### Records from a collection:
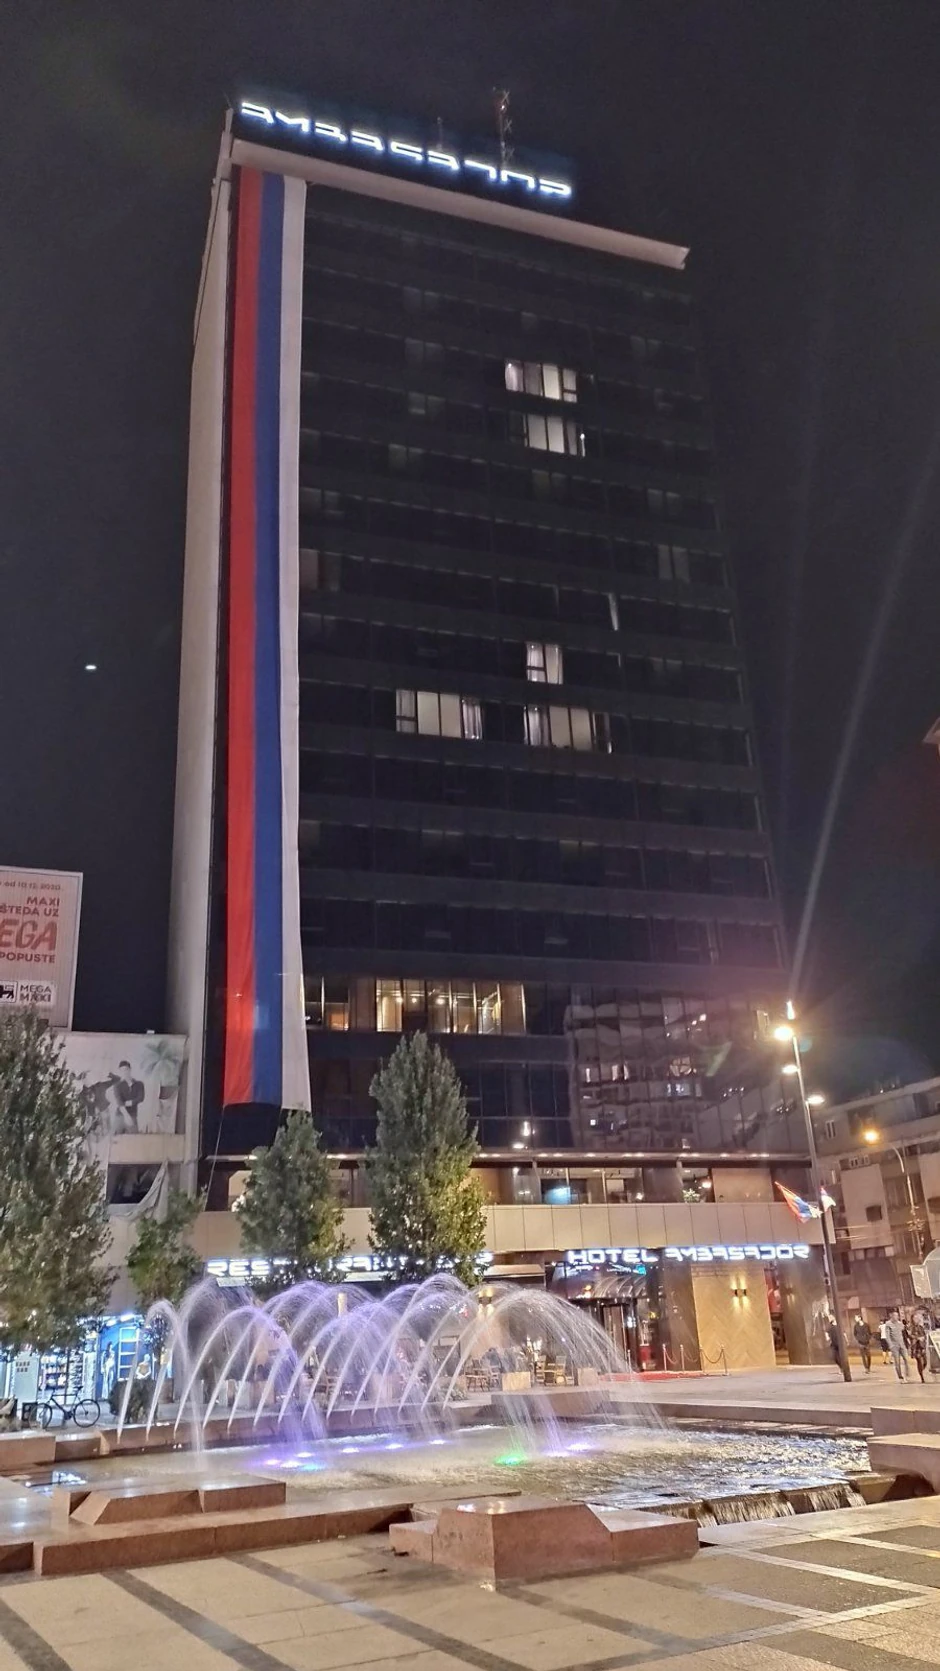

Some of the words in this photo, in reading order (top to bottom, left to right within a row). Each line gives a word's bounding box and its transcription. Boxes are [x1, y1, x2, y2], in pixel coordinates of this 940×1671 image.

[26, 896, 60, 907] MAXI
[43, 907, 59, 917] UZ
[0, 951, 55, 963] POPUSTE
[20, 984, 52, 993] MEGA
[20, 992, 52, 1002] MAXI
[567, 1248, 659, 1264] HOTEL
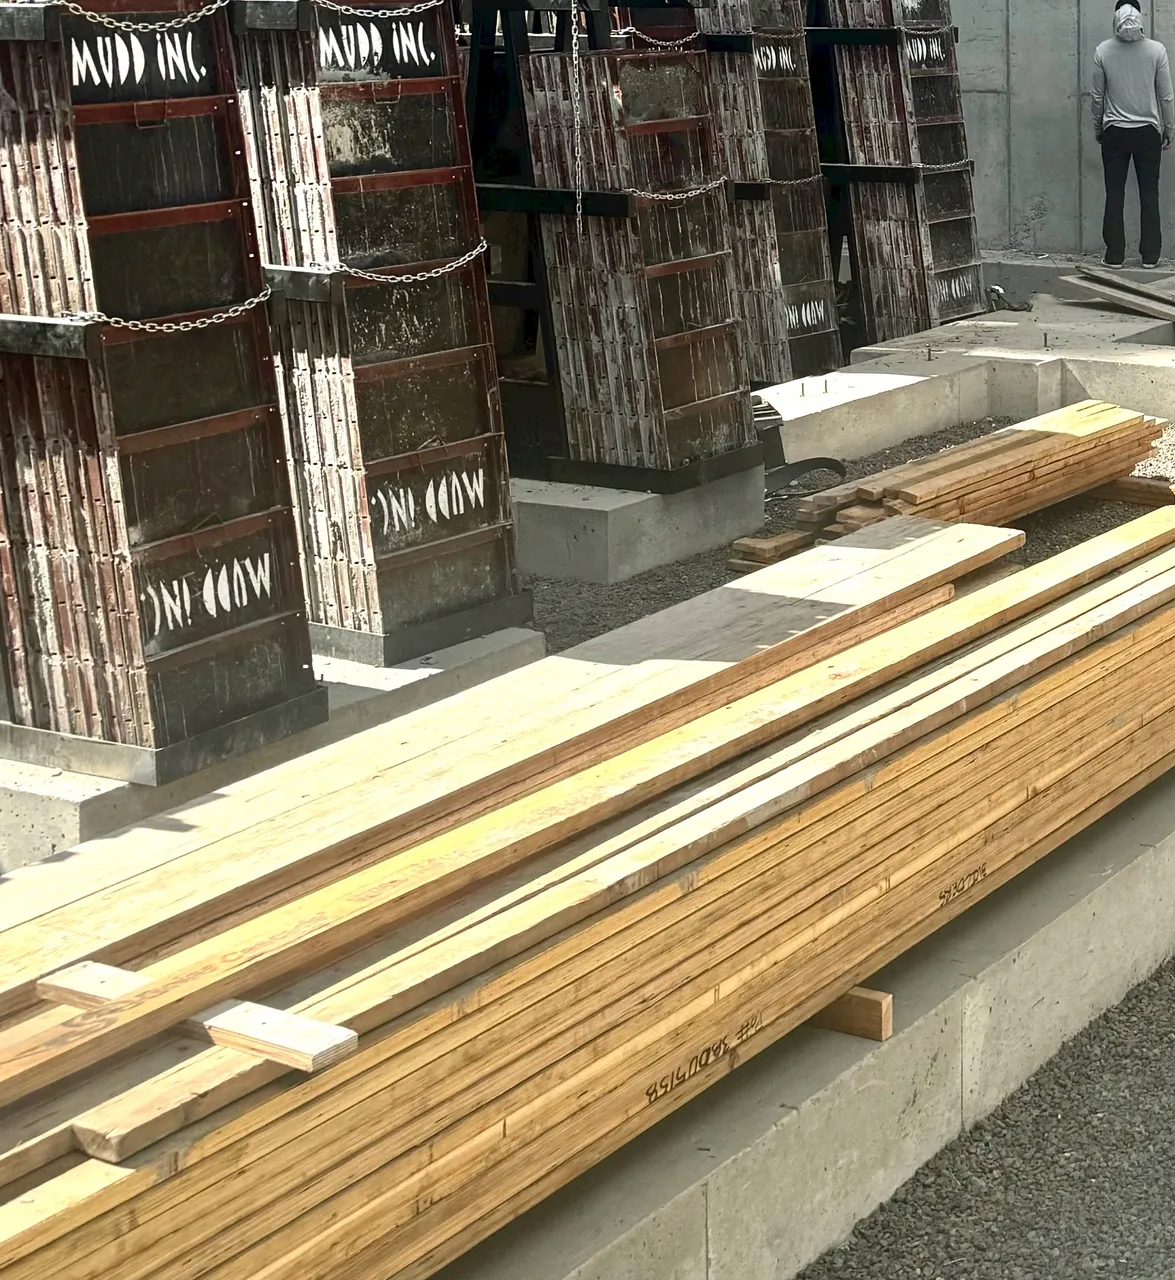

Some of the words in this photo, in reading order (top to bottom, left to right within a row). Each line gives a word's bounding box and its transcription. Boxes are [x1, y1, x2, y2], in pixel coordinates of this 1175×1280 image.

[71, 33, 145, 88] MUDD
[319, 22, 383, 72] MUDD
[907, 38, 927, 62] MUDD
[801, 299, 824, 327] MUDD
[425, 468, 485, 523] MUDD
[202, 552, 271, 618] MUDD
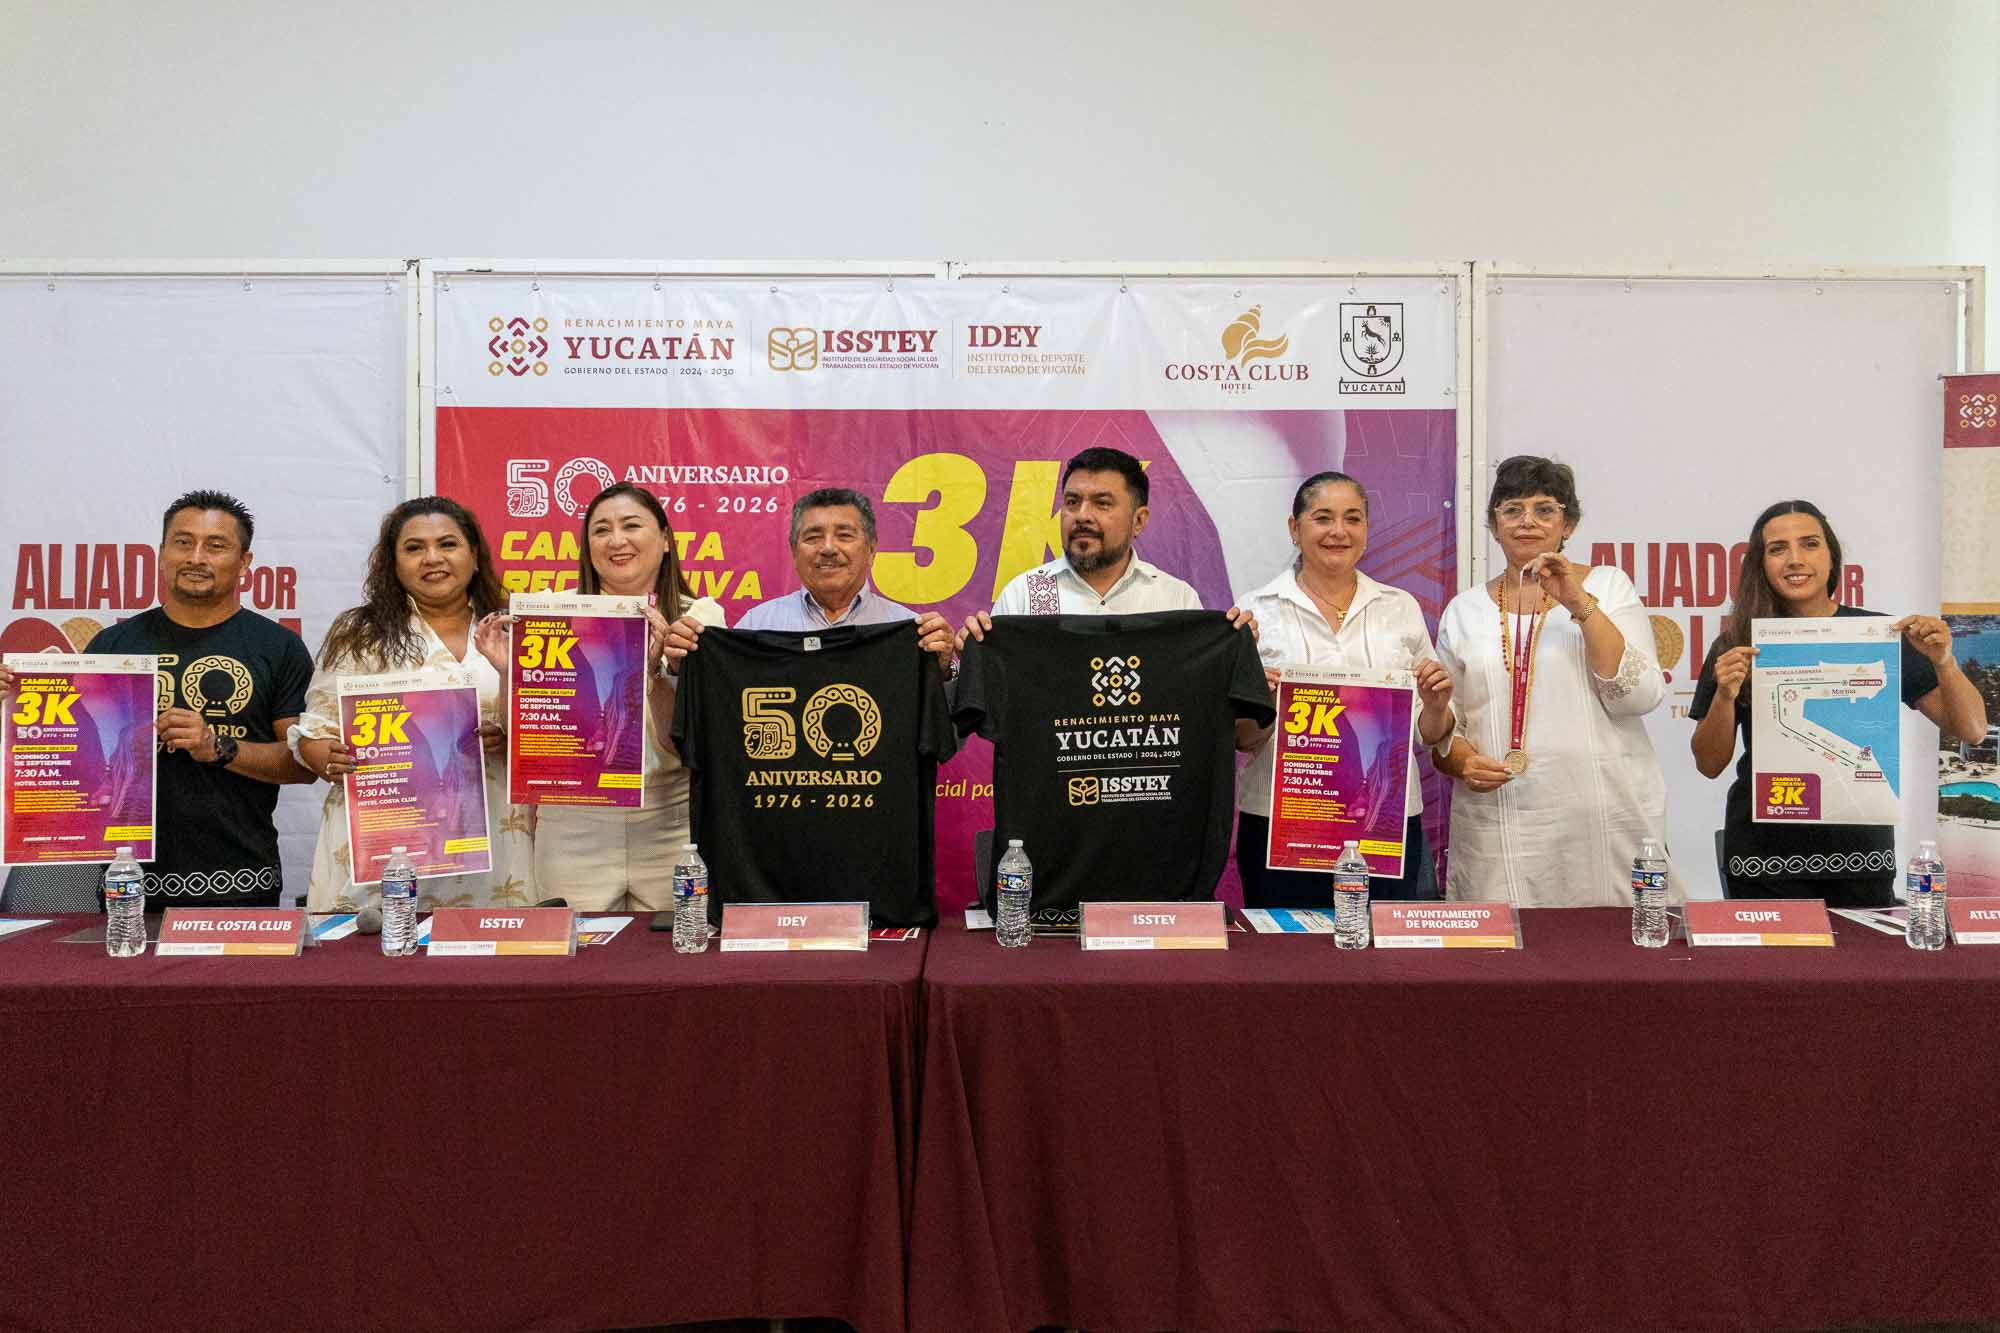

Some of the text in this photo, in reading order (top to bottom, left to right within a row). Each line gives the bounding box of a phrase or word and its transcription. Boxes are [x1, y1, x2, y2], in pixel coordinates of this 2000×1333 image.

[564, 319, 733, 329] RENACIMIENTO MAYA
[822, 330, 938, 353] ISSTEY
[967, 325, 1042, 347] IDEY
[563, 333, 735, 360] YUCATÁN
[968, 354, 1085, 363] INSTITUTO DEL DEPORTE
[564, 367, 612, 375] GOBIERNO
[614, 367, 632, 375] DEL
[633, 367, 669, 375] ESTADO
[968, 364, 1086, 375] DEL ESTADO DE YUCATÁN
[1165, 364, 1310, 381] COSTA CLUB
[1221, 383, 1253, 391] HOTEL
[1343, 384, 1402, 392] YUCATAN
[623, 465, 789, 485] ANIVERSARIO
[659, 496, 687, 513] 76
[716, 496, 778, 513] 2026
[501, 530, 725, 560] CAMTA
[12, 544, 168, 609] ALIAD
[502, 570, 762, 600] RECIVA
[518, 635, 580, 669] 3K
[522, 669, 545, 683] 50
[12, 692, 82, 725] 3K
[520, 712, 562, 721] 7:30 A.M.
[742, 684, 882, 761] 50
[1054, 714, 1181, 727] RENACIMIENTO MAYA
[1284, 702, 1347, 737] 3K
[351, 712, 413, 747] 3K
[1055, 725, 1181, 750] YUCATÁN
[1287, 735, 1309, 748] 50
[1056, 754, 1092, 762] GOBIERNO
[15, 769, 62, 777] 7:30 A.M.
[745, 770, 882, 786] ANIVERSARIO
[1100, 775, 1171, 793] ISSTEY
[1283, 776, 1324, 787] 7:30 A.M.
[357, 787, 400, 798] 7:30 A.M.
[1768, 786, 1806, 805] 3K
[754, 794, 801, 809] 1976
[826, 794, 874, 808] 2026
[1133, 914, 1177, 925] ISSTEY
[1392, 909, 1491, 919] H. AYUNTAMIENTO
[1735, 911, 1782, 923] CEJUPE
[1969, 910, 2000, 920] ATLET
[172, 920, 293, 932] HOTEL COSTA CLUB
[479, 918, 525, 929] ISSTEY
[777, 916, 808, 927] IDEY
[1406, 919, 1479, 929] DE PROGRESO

### How to complete this task:
Print the line that contains "Some of the text", then every later line of the entries above up to and including the last, all exactly as written.

### Answer to this exercise:
Some of the text in this photo, in reading order (top to bottom, left to right within a row). Each line gives the bounding box of a phrase or word and its transcription. Boxes are [x1, y1, x2, y2], in pixel coordinates of this 2000×1333 image.

[564, 319, 733, 329] RENACIMIENTO MAYA
[822, 330, 938, 353] ISSTEY
[967, 325, 1042, 347] IDEY
[563, 333, 735, 360] YUCATÁN
[968, 354, 1085, 363] INSTITUTO DEL DEPORTE
[564, 367, 612, 375] GOBIERNO
[614, 367, 632, 375] DEL
[633, 367, 669, 375] ESTADO
[968, 364, 1086, 375] DEL ESTADO DE YUCATÁN
[1165, 364, 1310, 381] COSTA CLUB
[1221, 383, 1253, 391] HOTEL
[1343, 384, 1402, 392] YUCATAN
[623, 465, 789, 485] ANIVERSARIO
[659, 496, 687, 513] 76
[716, 496, 778, 513] 2026
[501, 530, 725, 560] CAMTA
[12, 544, 168, 609] ALIAD
[502, 570, 762, 600] RECIVA
[518, 635, 580, 669] 3K
[522, 669, 545, 683] 50
[12, 692, 82, 725] 3K
[520, 712, 562, 721] 7:30 A.M.
[742, 684, 882, 761] 50
[1054, 714, 1181, 727] RENACIMIENTO MAYA
[1284, 702, 1347, 737] 3K
[351, 712, 413, 747] 3K
[1055, 725, 1181, 750] YUCATÁN
[1287, 735, 1309, 748] 50
[1056, 754, 1092, 762] GOBIERNO
[15, 769, 62, 777] 7:30 A.M.
[745, 770, 882, 786] ANIVERSARIO
[1100, 775, 1171, 793] ISSTEY
[1283, 776, 1324, 787] 7:30 A.M.
[357, 787, 400, 798] 7:30 A.M.
[1768, 786, 1806, 805] 3K
[754, 794, 801, 809] 1976
[826, 794, 874, 808] 2026
[1133, 914, 1177, 925] ISSTEY
[1392, 909, 1491, 919] H. AYUNTAMIENTO
[1735, 911, 1782, 923] CEJUPE
[1969, 910, 2000, 920] ATLET
[172, 920, 293, 932] HOTEL COSTA CLUB
[479, 918, 525, 929] ISSTEY
[777, 916, 808, 927] IDEY
[1406, 919, 1479, 929] DE PROGRESO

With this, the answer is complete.